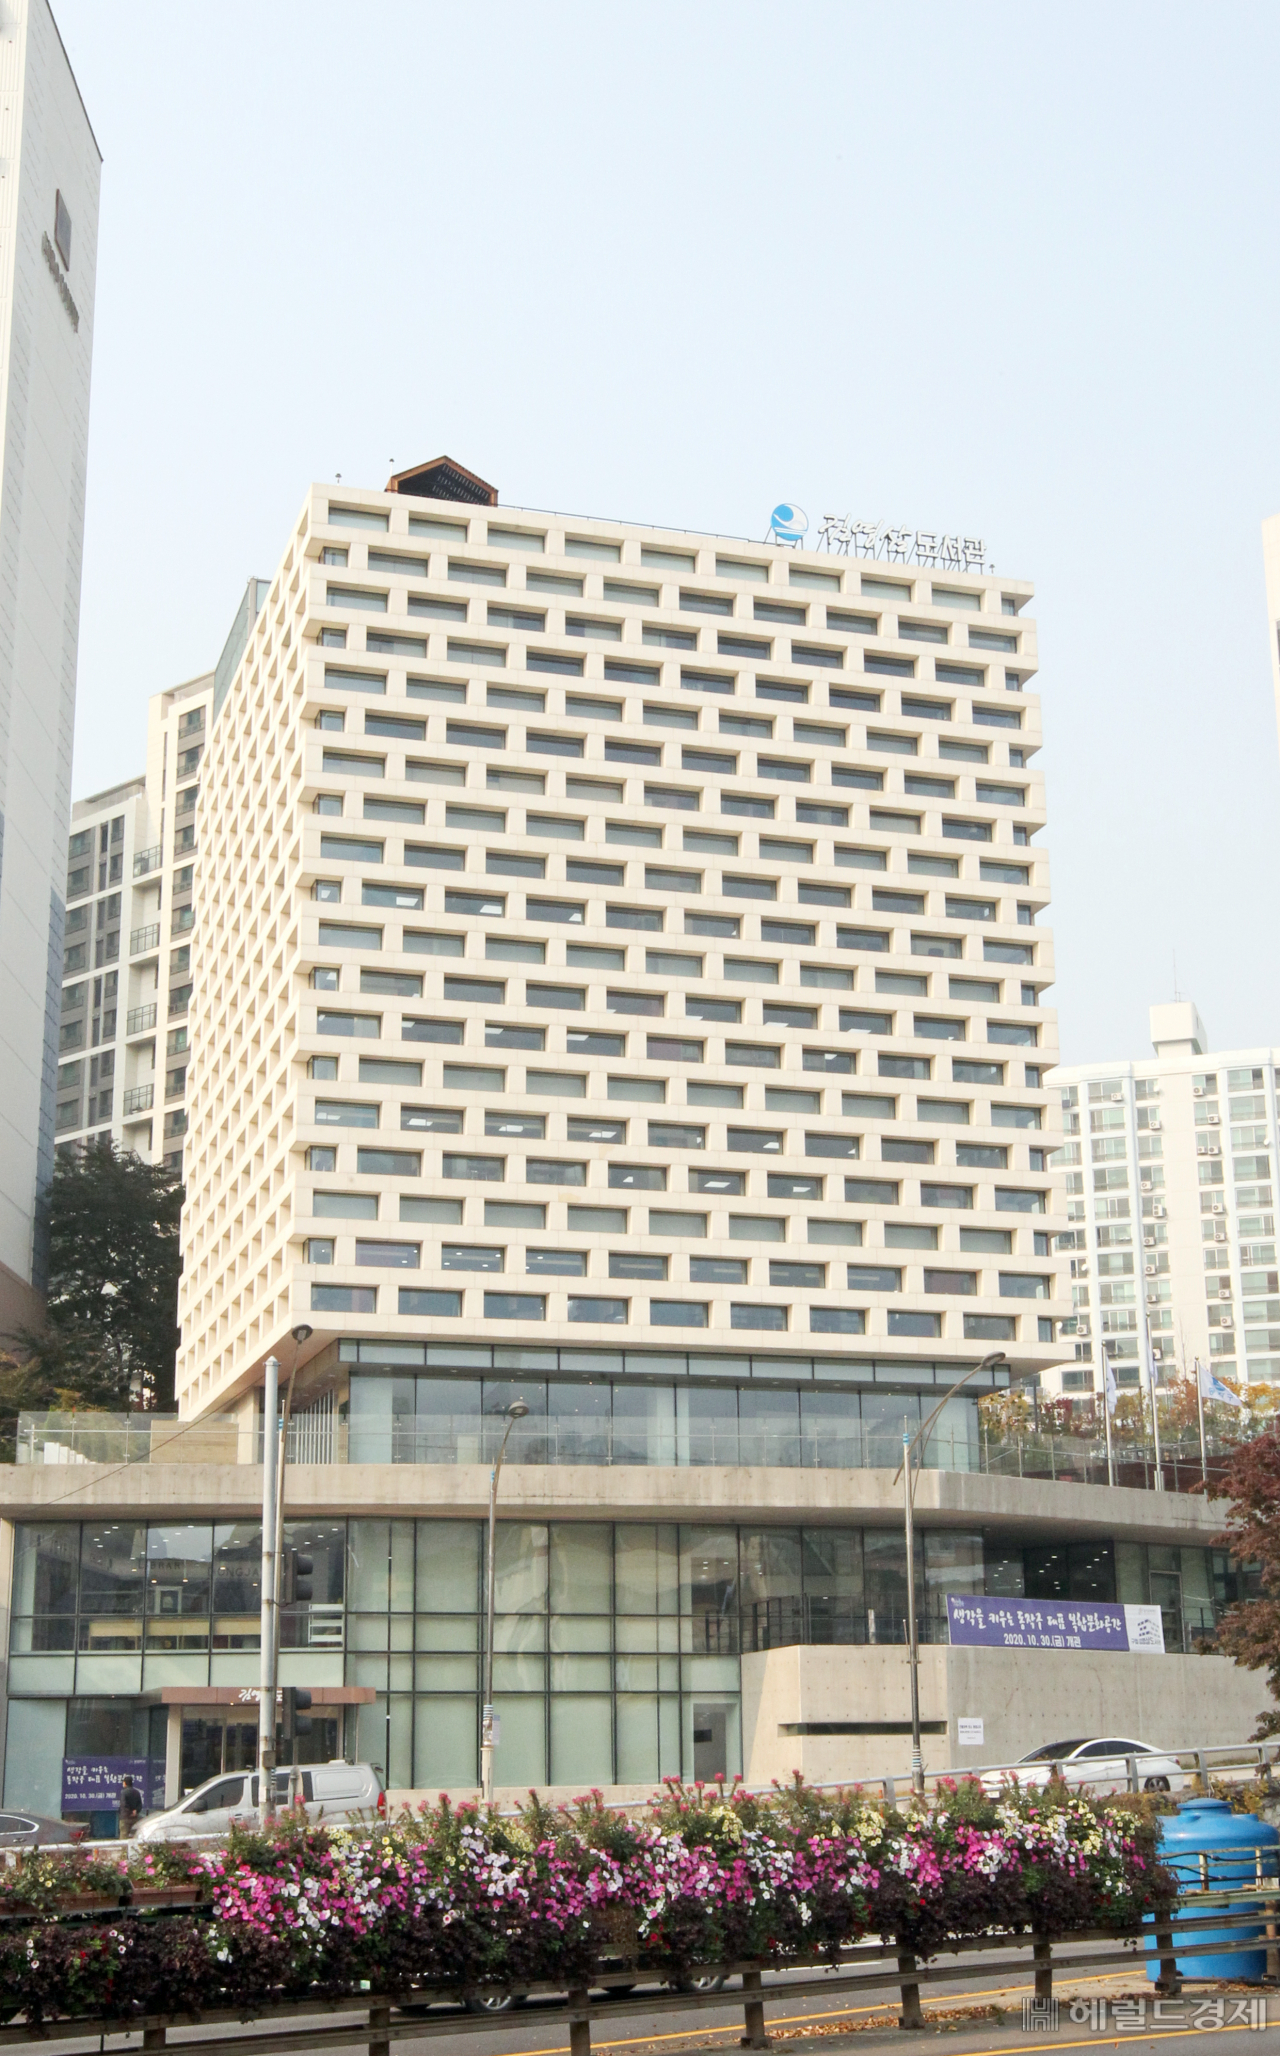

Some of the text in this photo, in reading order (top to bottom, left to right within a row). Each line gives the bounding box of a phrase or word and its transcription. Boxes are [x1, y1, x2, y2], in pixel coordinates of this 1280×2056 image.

[818, 513, 987, 564] 김영삼도서관
[953, 1607, 1122, 1633] 생각을 키우는 동작구 대표 복합문화공간
[1003, 1633, 1026, 1646] 2020.
[1027, 1634, 1039, 1646] 10.
[1066, 1636, 1082, 1648] 개관
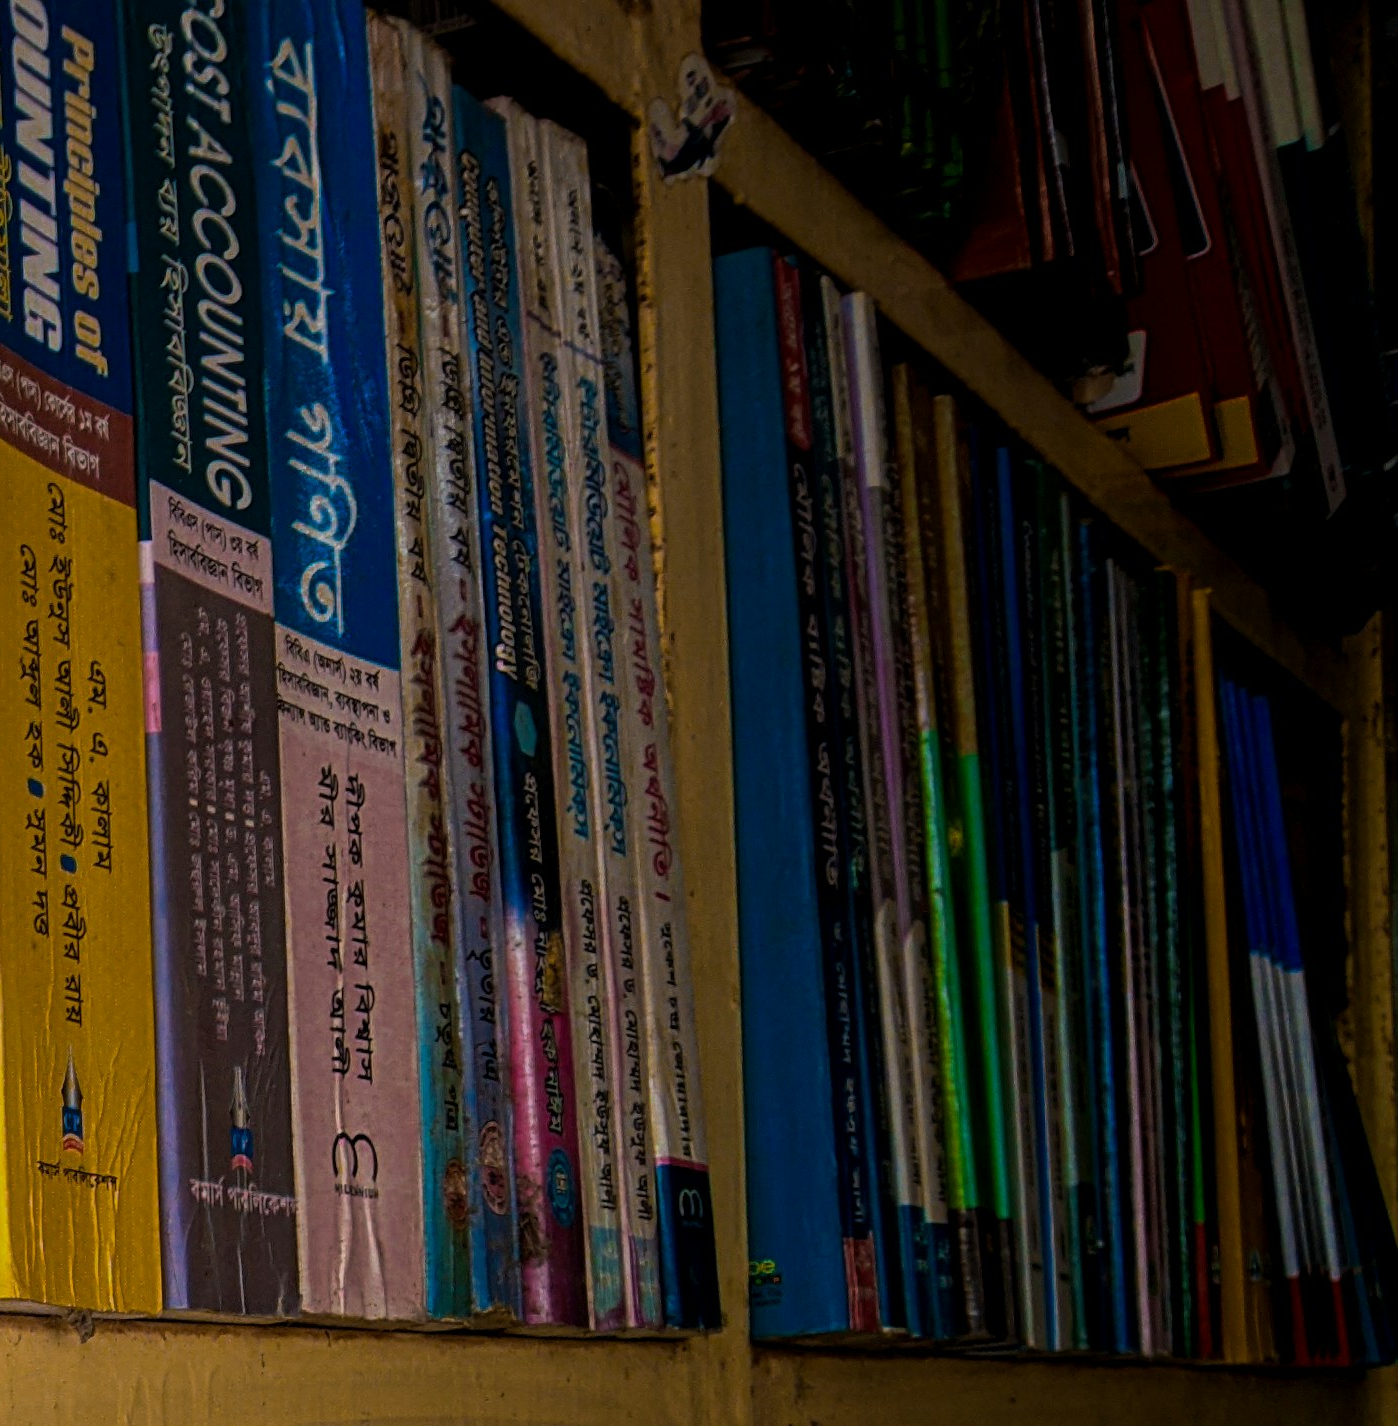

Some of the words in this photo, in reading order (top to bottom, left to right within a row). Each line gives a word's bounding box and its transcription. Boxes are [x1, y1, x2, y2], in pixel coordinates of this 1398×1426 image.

[61, 25, 104, 301] Principles
[265, 36, 336, 366] ব্যবসায়
[74, 310, 108, 378] of
[185, 113, 253, 511] ACCOUNTING
[47, 482, 68, 542] মোঃ
[282, 402, 358, 638] গণিত
[18, 543, 41, 605] মোঃ
[492, 524, 519, 681] Technology
[53, 659, 76, 732] আলী
[23, 720, 45, 773] হক
[91, 780, 115, 875] কালাম
[342, 773, 367, 869] দীপক
[315, 765, 337, 831] মীর
[327, 988, 353, 1077] আলী
[345, 879, 371, 970] কুমার
[59, 975, 86, 1028] রায়
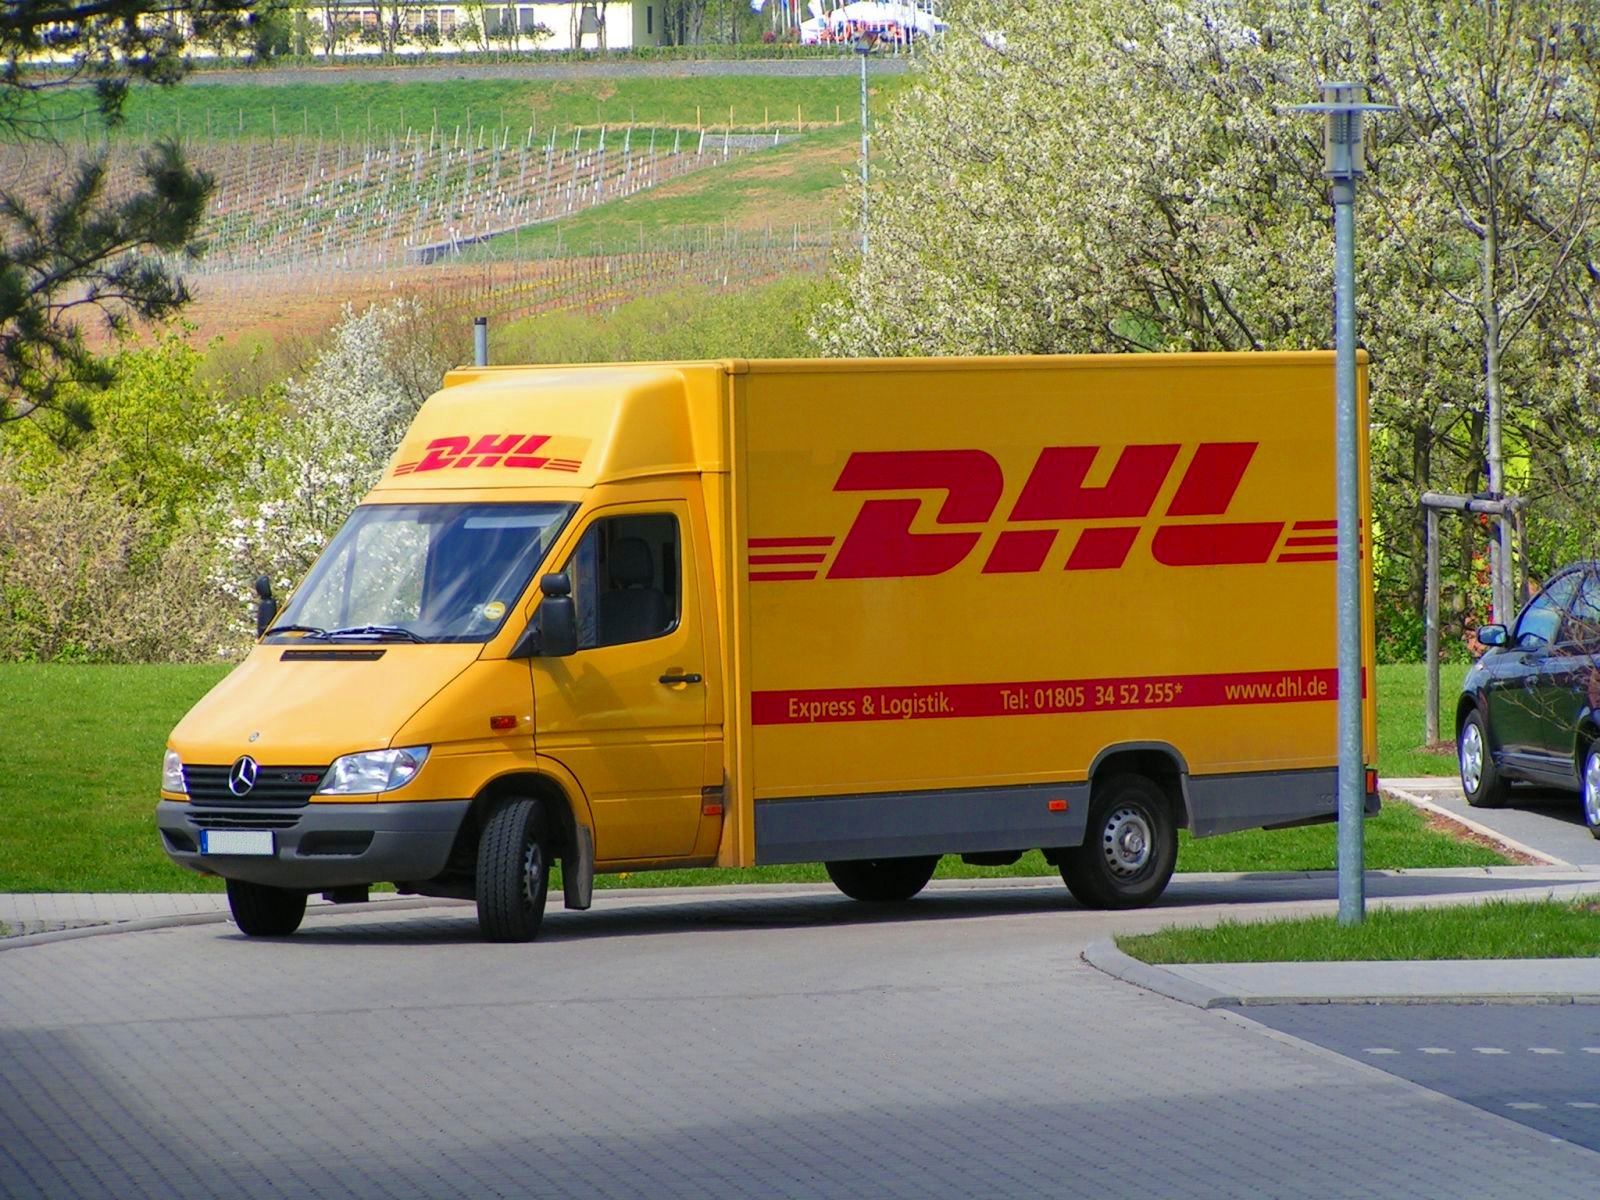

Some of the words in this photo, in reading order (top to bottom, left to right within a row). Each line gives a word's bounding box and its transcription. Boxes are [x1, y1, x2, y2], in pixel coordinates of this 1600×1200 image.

[413, 434, 552, 473] DHL
[825, 441, 1286, 580] DHL
[1000, 688, 1029, 710] Tel:
[1034, 686, 1085, 709] 01805
[1095, 685, 1115, 706] 34
[1120, 684, 1139, 705] 52
[1225, 675, 1328, 700] www.dhl.de
[788, 697, 856, 723] Express
[862, 695, 875, 716] &
[880, 691, 955, 719] Logistik.

· · · · ·

* **YOUR ASSIGNMENT**:
Give back every line of the material exactly as written, but not the pictures.

* **OUTPUT**:
Some of the text in this photo, in reading order (top to bottom, left to right within a row). Each line gives the bounding box of a phrase or word and its transcription. Boxes are [x1, y1, x2, y2], in pixel coordinates of this 1280×2056 image.

[818, 513, 987, 564] 김영삼도서관
[953, 1607, 1122, 1633] 생각을 키우는 동작구 대표 복합문화공간
[1003, 1633, 1026, 1646] 2020.
[1027, 1634, 1039, 1646] 10.
[1066, 1636, 1082, 1648] 개관

Some of the words in this photo, in reading order (top to bottom, left to right within a row). Each line gives a word's bounding box and its transcription. Boxes are [x1, y1, x2, y2], in pixel coordinates of this 1398×1426 image.

[61, 25, 104, 301] Principles
[265, 36, 336, 366] ব্যবসায়
[74, 310, 108, 378] of
[185, 113, 253, 511] ACCOUNTING
[47, 482, 68, 542] মোঃ
[282, 402, 358, 638] গণিত
[18, 543, 41, 605] মোঃ
[492, 524, 519, 681] Technology
[53, 659, 76, 732] আলী
[23, 720, 45, 773] হক
[91, 780, 115, 875] কালাম
[342, 773, 367, 869] দীপক
[315, 765, 337, 831] মীর
[327, 988, 353, 1077] আলী
[345, 879, 371, 970] কুমার
[59, 975, 86, 1028] রায়

Some of the words in this photo, in reading order (top to bottom, left to right within a row). Each line gives a word's bounding box and its transcription. Boxes are [x1, y1, x2, y2], in pixel coordinates of this 1600×1200 image.

[413, 434, 552, 473] DHL
[825, 441, 1286, 580] DHL
[1000, 688, 1029, 710] Tel:
[1034, 686, 1085, 709] 01805
[1095, 685, 1115, 706] 34
[1120, 684, 1139, 705] 52
[1225, 675, 1328, 700] www.dhl.de
[788, 697, 856, 723] Express
[862, 695, 875, 716] &
[880, 691, 955, 719] Logistik.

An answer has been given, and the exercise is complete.